When a node is experience network issues, the master detects it and removes the node from the cluster. That cause all ongoing recoveries from and to that nodes to be stopped and a new location is found for the relevant shards. However, in the case partial network partition, where there a connectivity issues between the source and target node of a recovery but not between those nodes and the current master things may go wrong. While the nodes successfully restore the connection, the on going recoveries may have encounter issues.

This PR adds a test that simulate disconnecting nodes and dropping requests during the various stages of recovery and solves all the issues that were raised by it. In short:

  1. On going recoveries will be scheduled for retry upon network disconnect. The default retry period is 5s (cross node connections are checked every 10s by default).
  2. Sometimes the disconnect happens after the target engine has started (but the shard is still in recovery). For simplicity, I opted to restart the recovery from scratch (where little to no files will be copied again, because there were just synced).
  3. To protected against dropped requests, a Recovery Monitor was added that fails a recovery if no progress has been made in the last 30m (by default), which is equivalent to the long time outs we use in recovery requests.
  4. When a shard fails on a node, we try to assign it to another node. If no such node is available, the shard will remain unassigned, causing the target node to clean any in memory state for it (files on disk remain). At the moment the shard will remain unassigned until another cluster state change happens, which will re-assigned it to the node in question but if no such change happens the shard will remain stuck at unassigned. The commits adds an extra delayed reroute in such cases to make sure the shard will be reassinged
  5. Moved all recovery related settings to the RecoverySettings.

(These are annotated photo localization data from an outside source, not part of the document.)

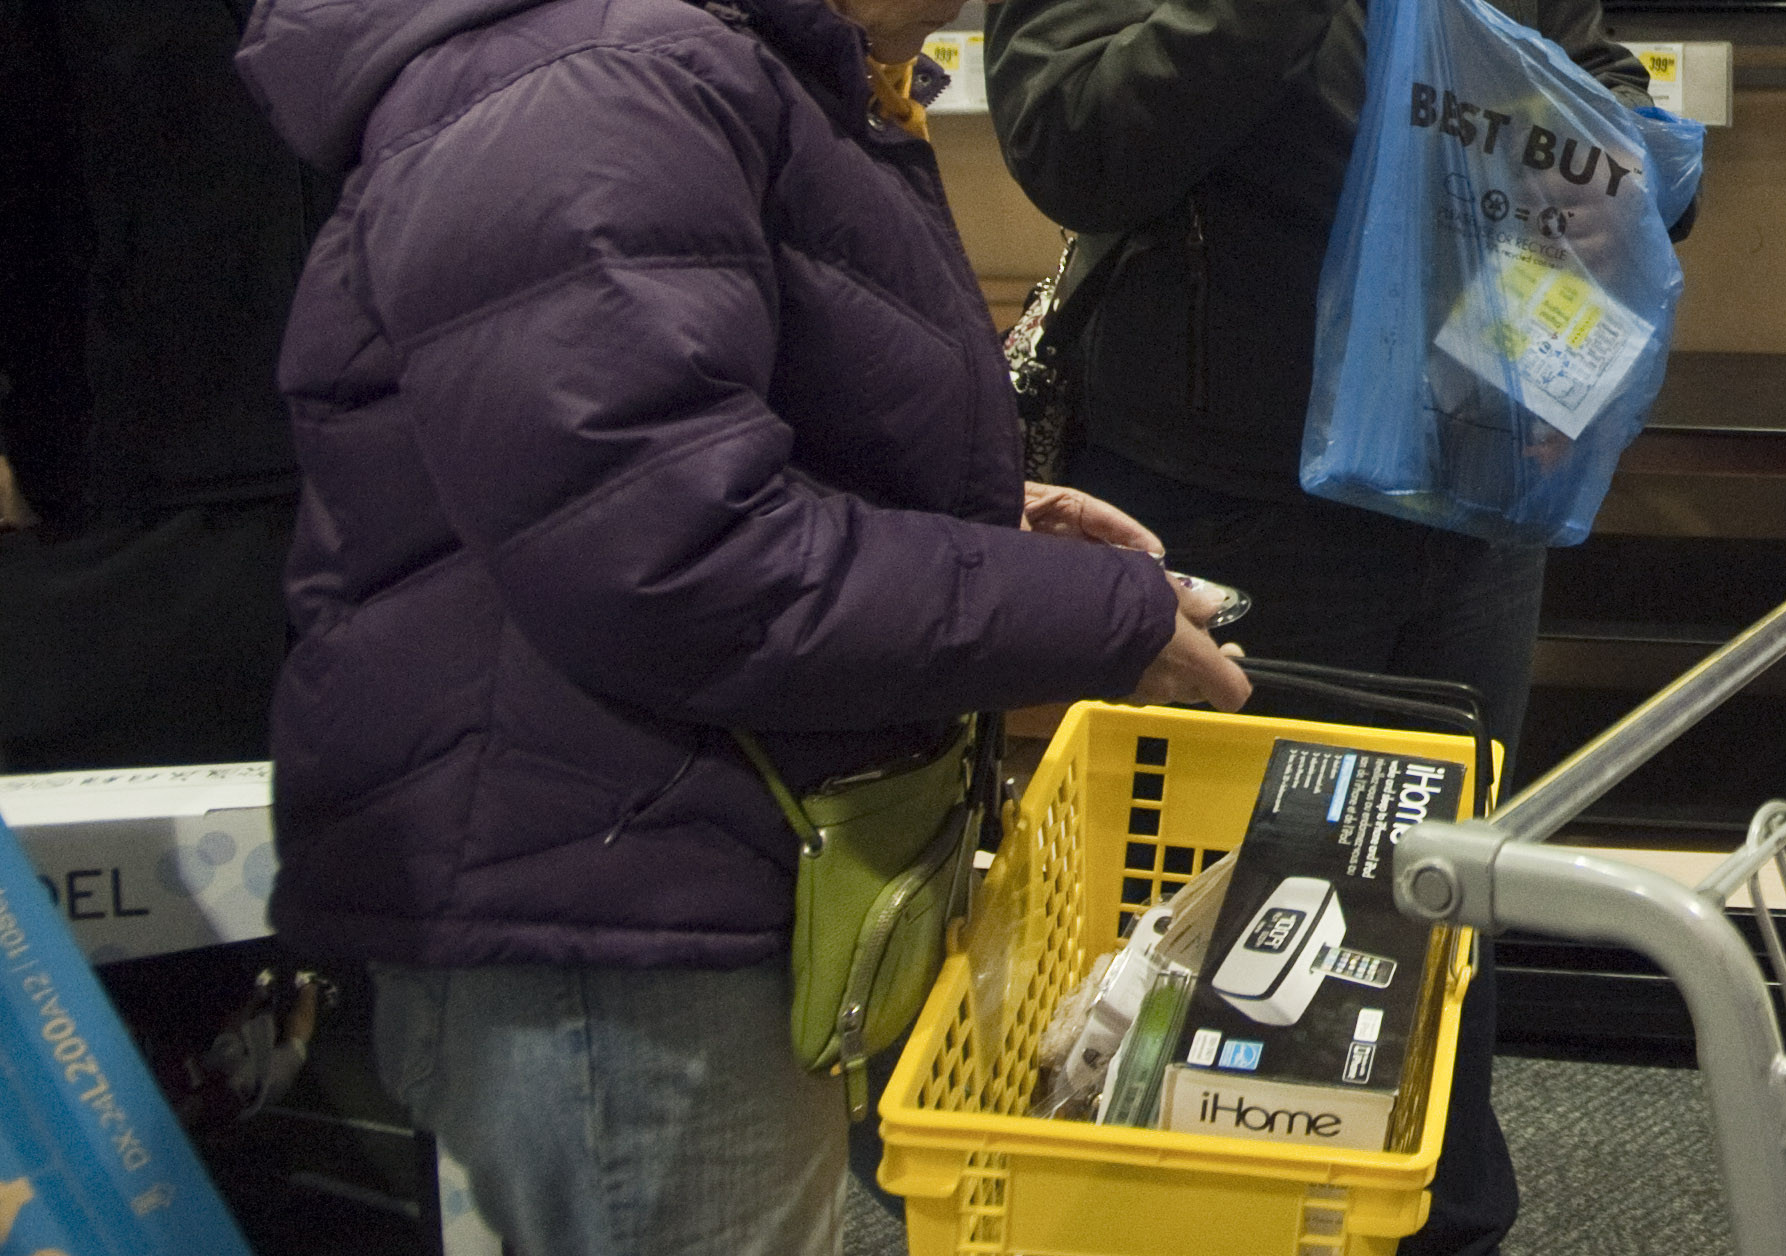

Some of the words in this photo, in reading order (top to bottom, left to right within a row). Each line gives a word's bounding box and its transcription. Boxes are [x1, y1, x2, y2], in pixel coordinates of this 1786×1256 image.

[1410, 82, 1511, 155] BEST
[1521, 124, 1631, 198] BUY
[1383, 778, 1397, 794] and
[1370, 821, 1388, 845] iPhone
[1366, 845, 1380, 862] and
[1362, 861, 1378, 879] iPod
[1199, 1091, 1342, 1138] iHome
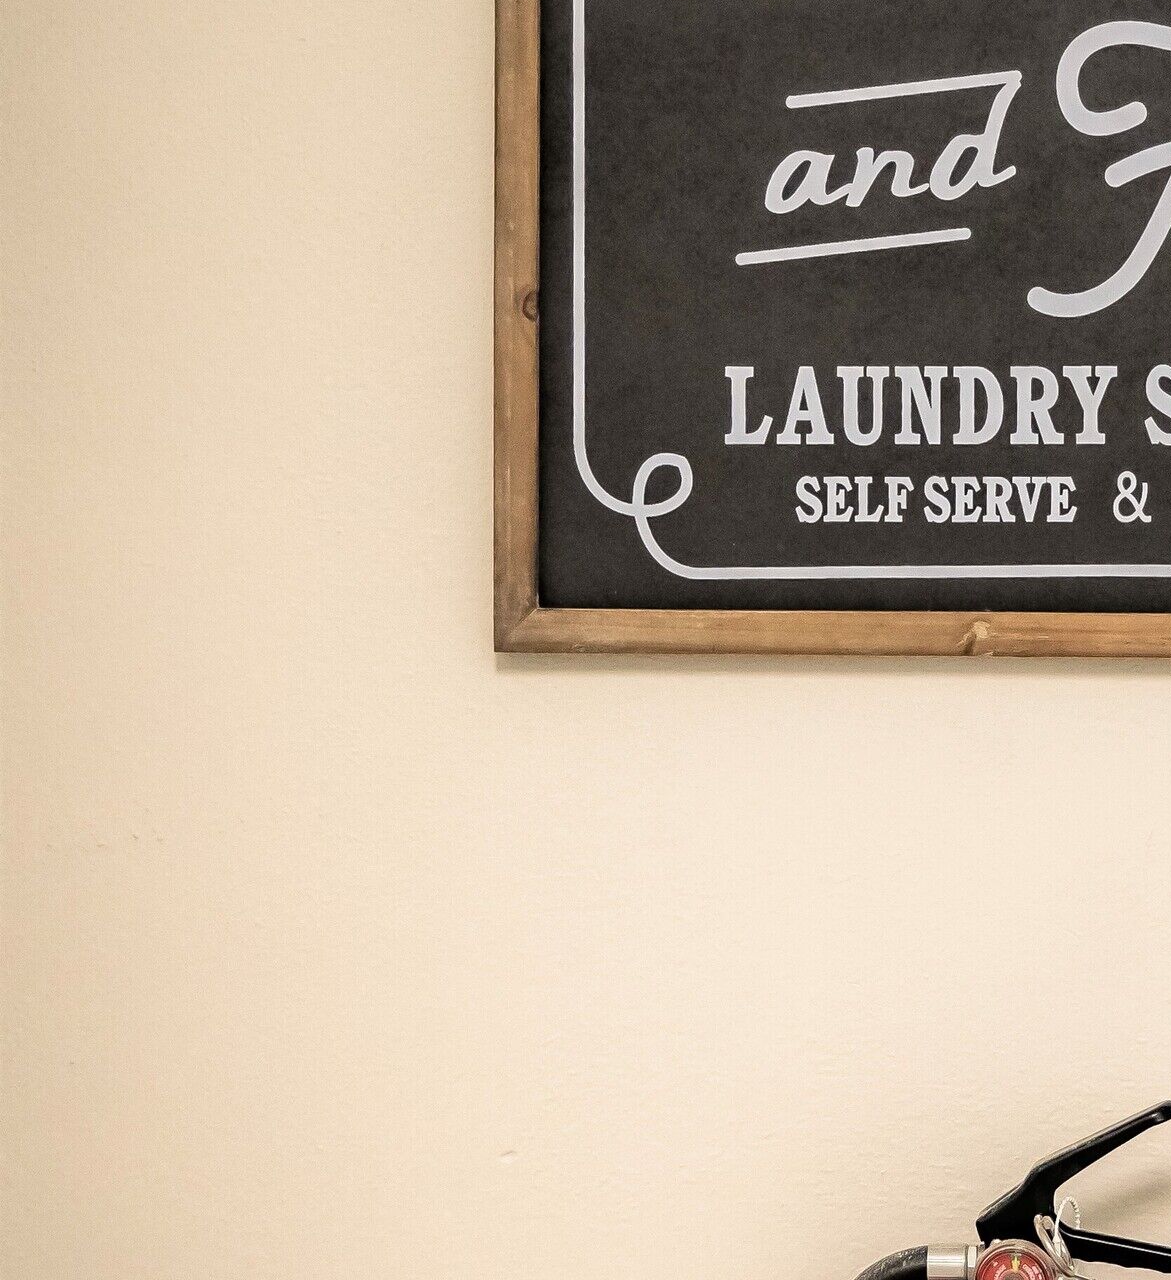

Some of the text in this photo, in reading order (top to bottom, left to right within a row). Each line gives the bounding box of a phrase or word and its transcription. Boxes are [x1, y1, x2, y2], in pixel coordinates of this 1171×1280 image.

[764, 70, 1023, 214] and
[725, 365, 1118, 447] LAUNDRY
[795, 475, 914, 524] SELF
[924, 475, 1078, 524] SERVE
[1112, 470, 1152, 523] &

I'd love it if extra focus was give to the engine changes while reviewing - I'm not 100% familiar with the implications of the code to the underlying lucene state.

There is also one nocommit regarding the Java serializability of a Version object (used by DiscoveryNode). We rely on Java serialization for exceptions and this makes the ConnectTransportException unserializable because of it's DiscoveryNode field. This can be fixed in another change, but we need to discuss how.

One more todo left - add a reference to the resiliency page

@bleskes bleskes added v1.5.0 v2.0.0-beta1 review :Distributed/Recovery Anything around constructing a new shard, either from a local or a remote source. resiliency labels Dec 1, 2014

// we need custom serialization logic because org.apache.lucene.util.Version is not serializable
// nocommit - do we want to push this down to lucene?
private void writeObject(java.io.ObjectOutputStream out)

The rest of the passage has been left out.